◆ **Input material**
---------------
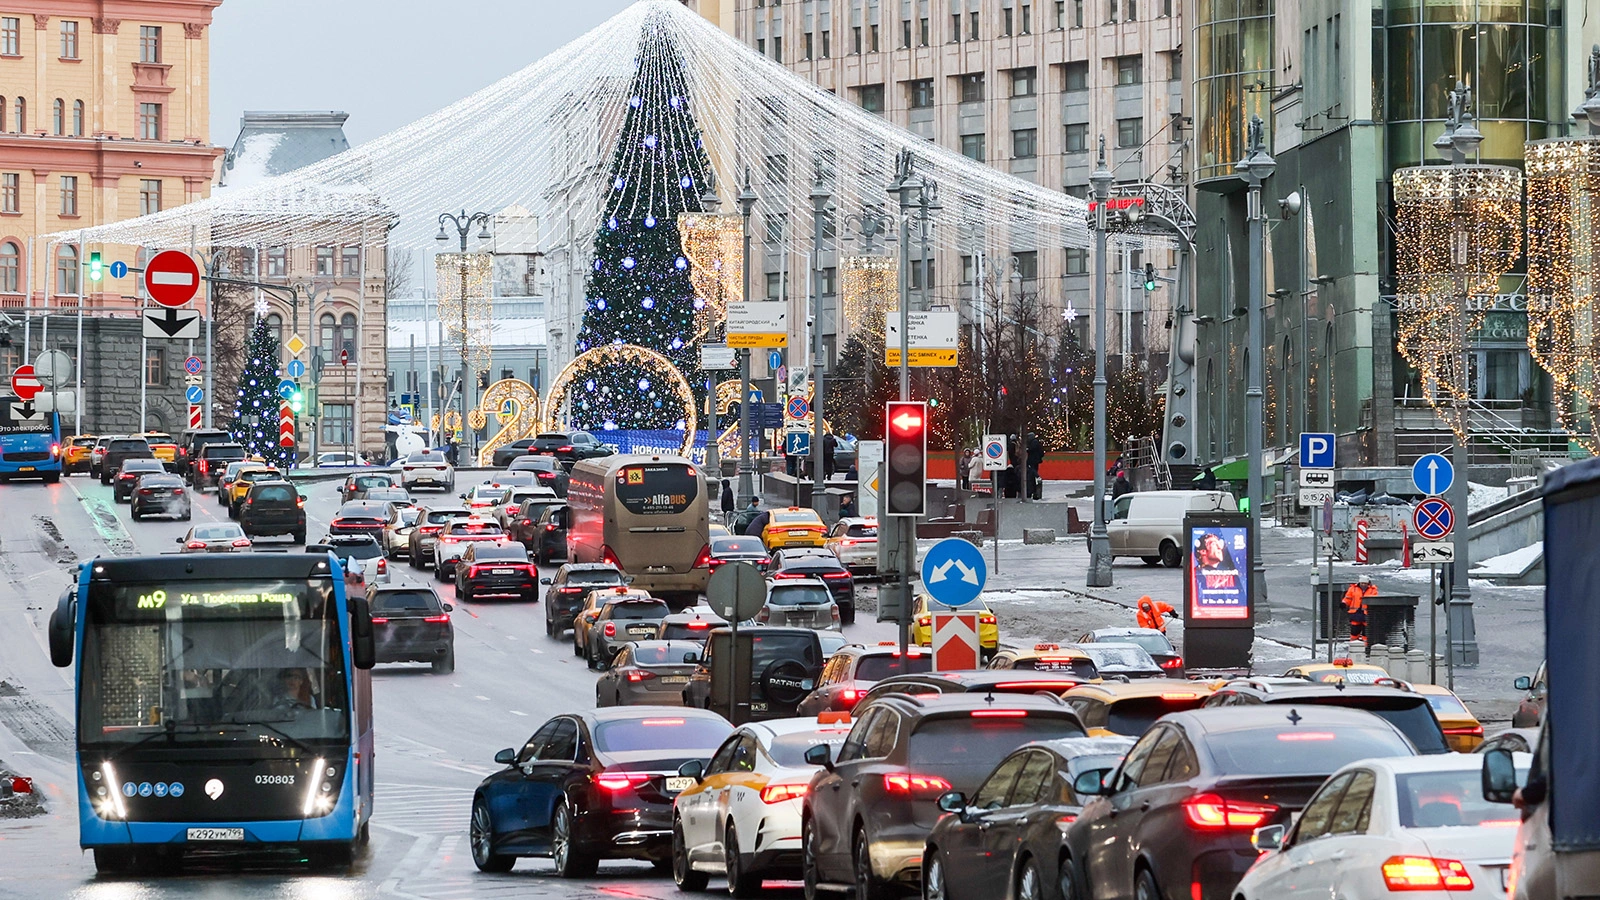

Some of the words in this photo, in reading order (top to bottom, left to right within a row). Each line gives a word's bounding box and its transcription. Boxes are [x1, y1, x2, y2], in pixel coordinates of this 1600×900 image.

[1308, 437, 1328, 464] P
[202, 593, 258, 604] Тюфелева
[261, 592, 293, 604] Роща
[769, 678, 802, 688] PATRIO
[255, 775, 295, 785] 030803
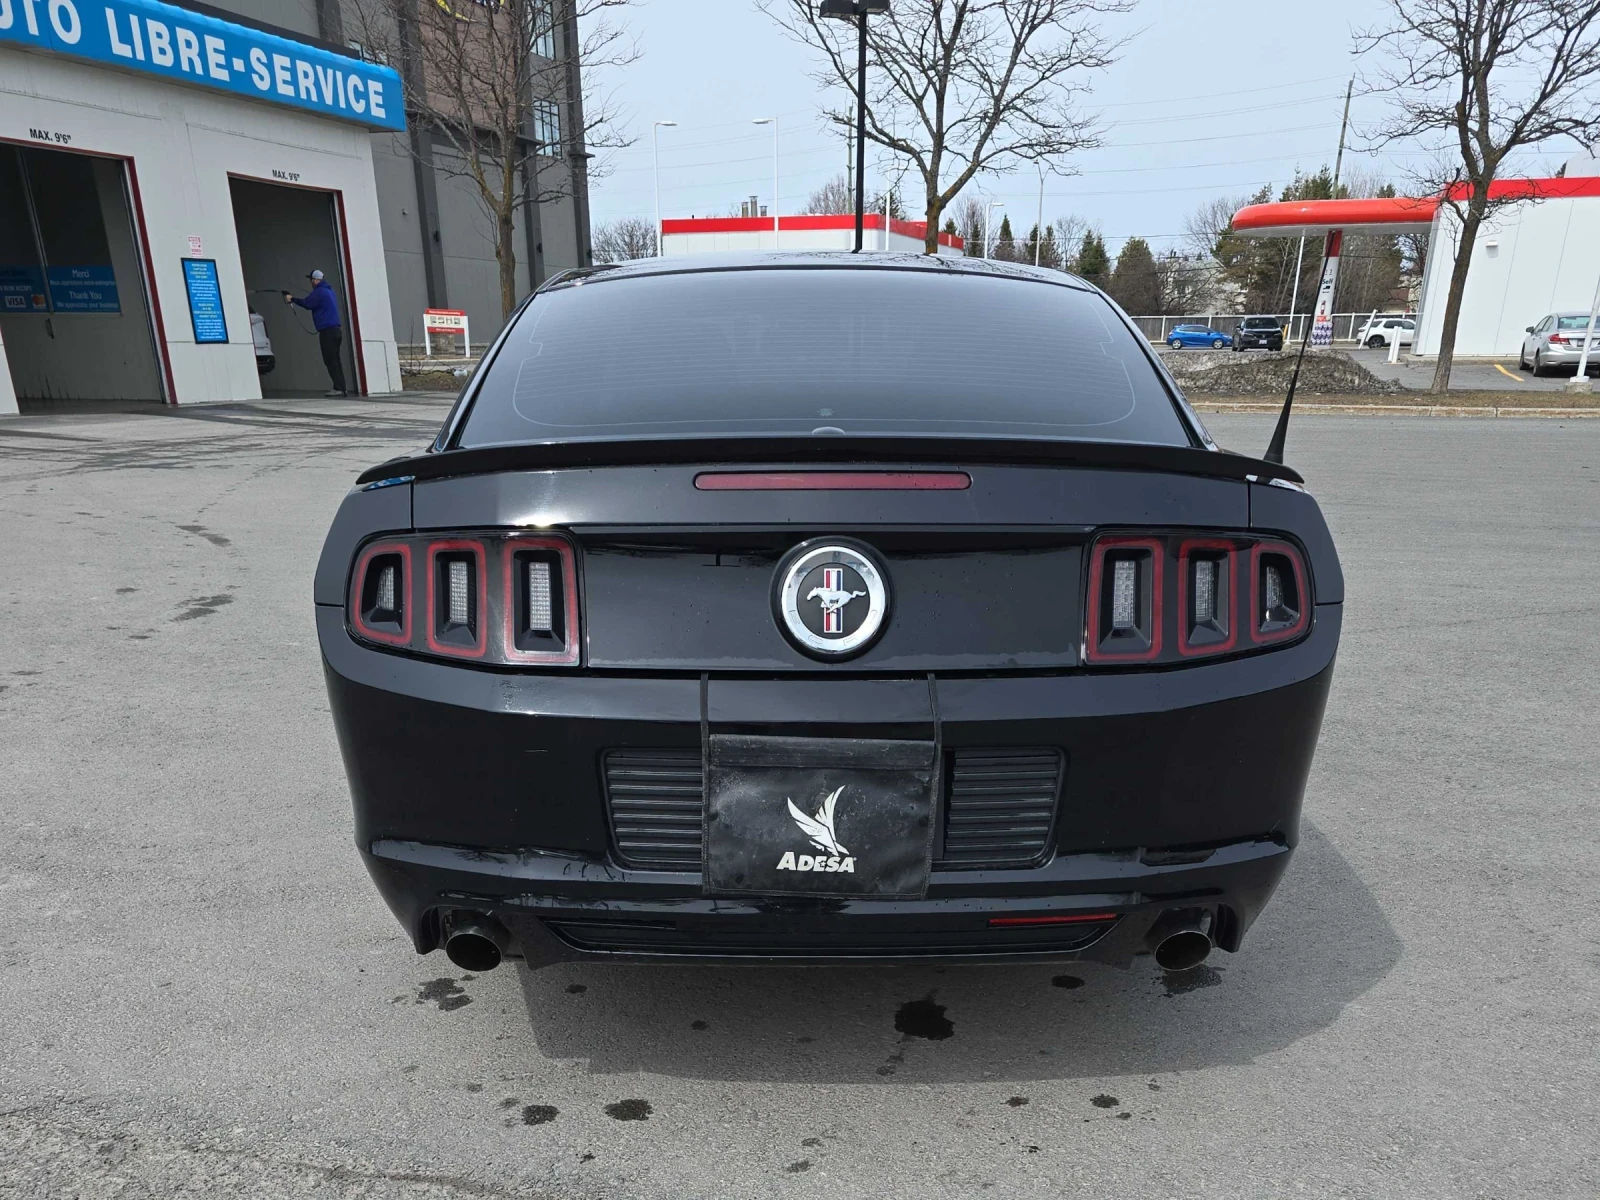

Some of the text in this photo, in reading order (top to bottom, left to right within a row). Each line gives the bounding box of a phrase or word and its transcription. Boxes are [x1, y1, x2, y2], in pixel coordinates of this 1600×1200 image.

[105, 7, 386, 119] LIBRE-SERVICE
[29, 128, 53, 141] MAX.
[272, 169, 288, 180] MAX.
[72, 269, 90, 278] Merci
[69, 291, 102, 300] Thank You
[7, 297, 24, 306] VISA
[776, 851, 856, 873] ADESA
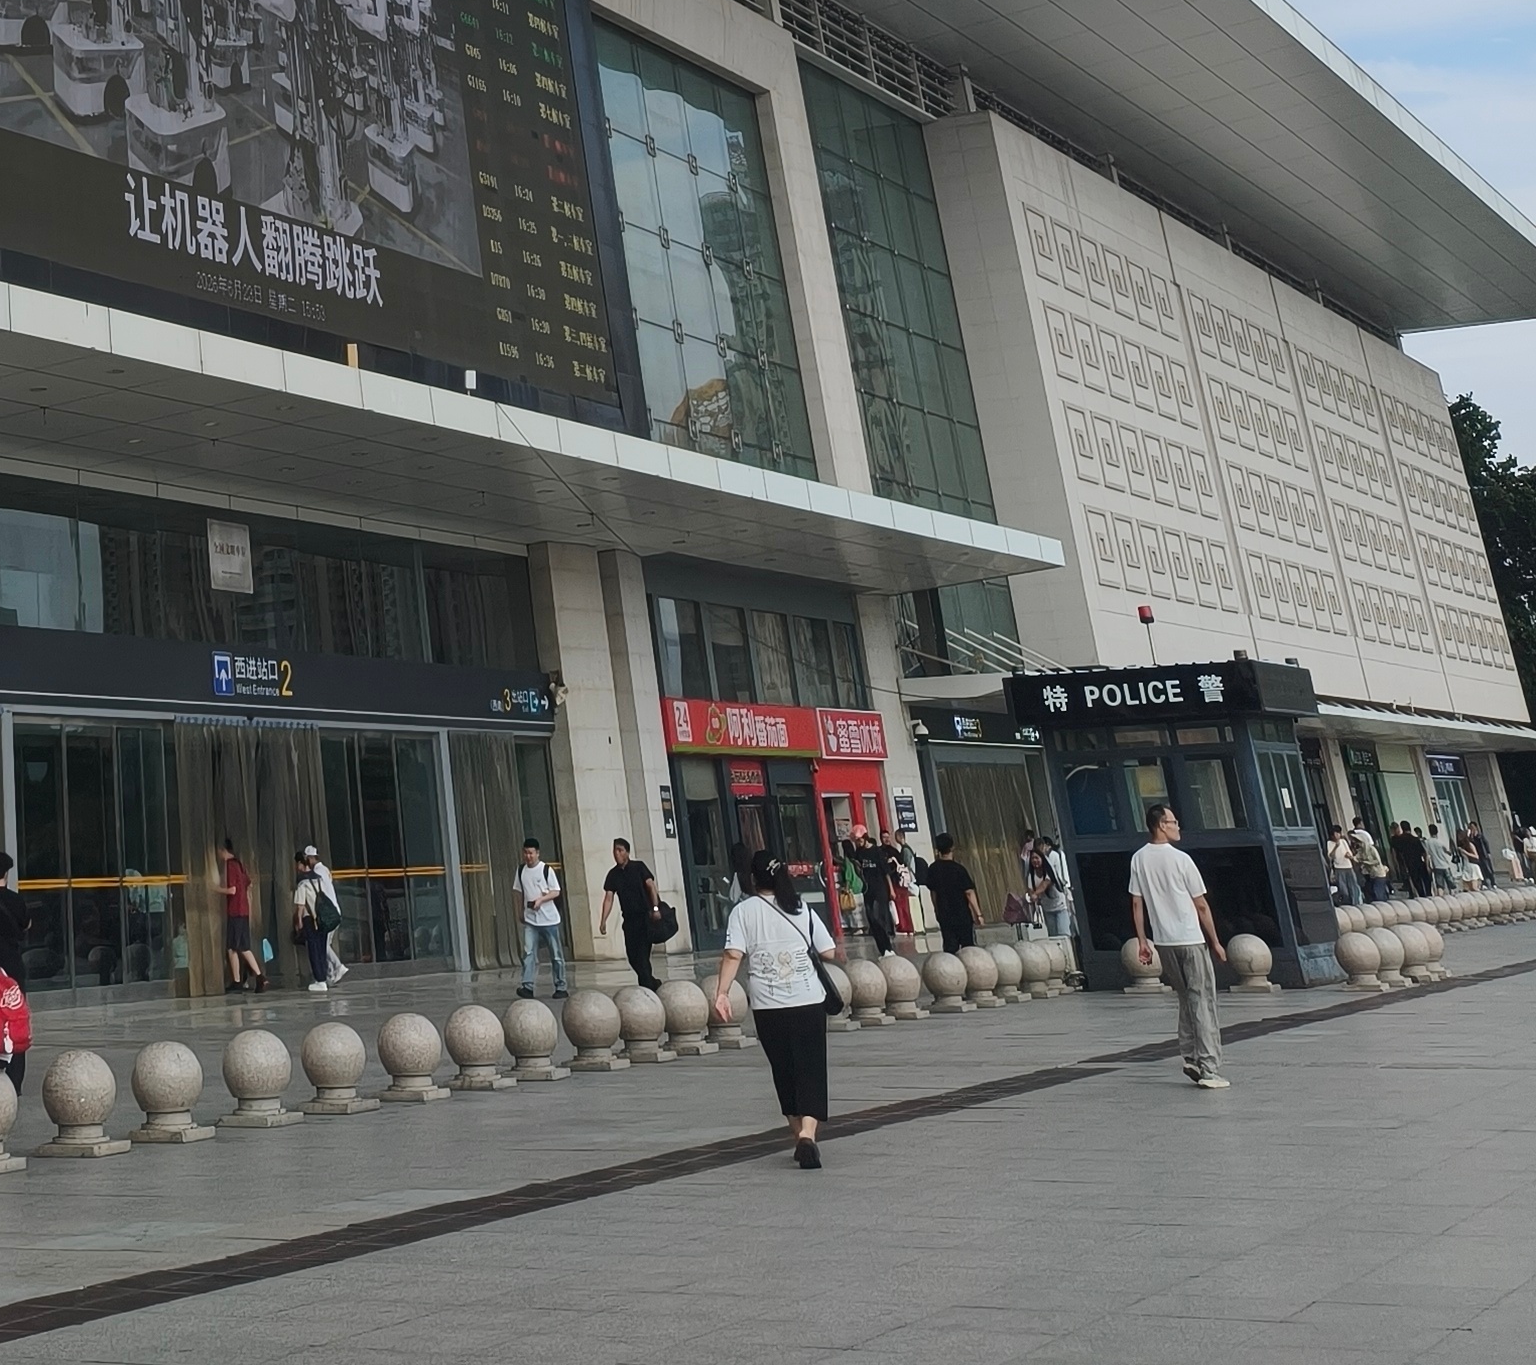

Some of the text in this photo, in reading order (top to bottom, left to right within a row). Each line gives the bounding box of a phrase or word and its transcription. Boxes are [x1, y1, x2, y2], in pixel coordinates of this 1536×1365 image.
---------------
Pictures do not go in the copy; print every entry exactly as it stands.

◆ **Finished task**
Some of the words in this photo, in reading order (top to bottom, left to right within a row). Each line gives a word's bounding box and its transcription. Boxes are [x1, y1, x2, y2], in pixel coordinates of this 1600×900 image.

[1308, 437, 1328, 464] P
[202, 593, 258, 604] Тюфелева
[261, 592, 293, 604] Роща
[769, 678, 802, 688] PATRIO
[255, 775, 295, 785] 030803

Some of the text in this photo, in reading order (top to bottom, left to right within a row). Each line gives the bounding box of a phrase or word and its transcription. Boxes are [x1, y1, x2, y2], in pixel coordinates of this 1600×1200 image.

[105, 7, 386, 119] LIBRE-SERVICE
[29, 128, 53, 141] MAX.
[272, 169, 288, 180] MAX.
[72, 269, 90, 278] Merci
[69, 291, 102, 300] Thank You
[7, 297, 24, 306] VISA
[776, 851, 856, 873] ADESA

Some of the text in this photo, in reading order (top to bottom, left to right within a row). Each line gives the bounding box of a phrase or word and its transcription. Boxes are [x1, y1, x2, y2], in pixel coordinates of this 1536×1365 image.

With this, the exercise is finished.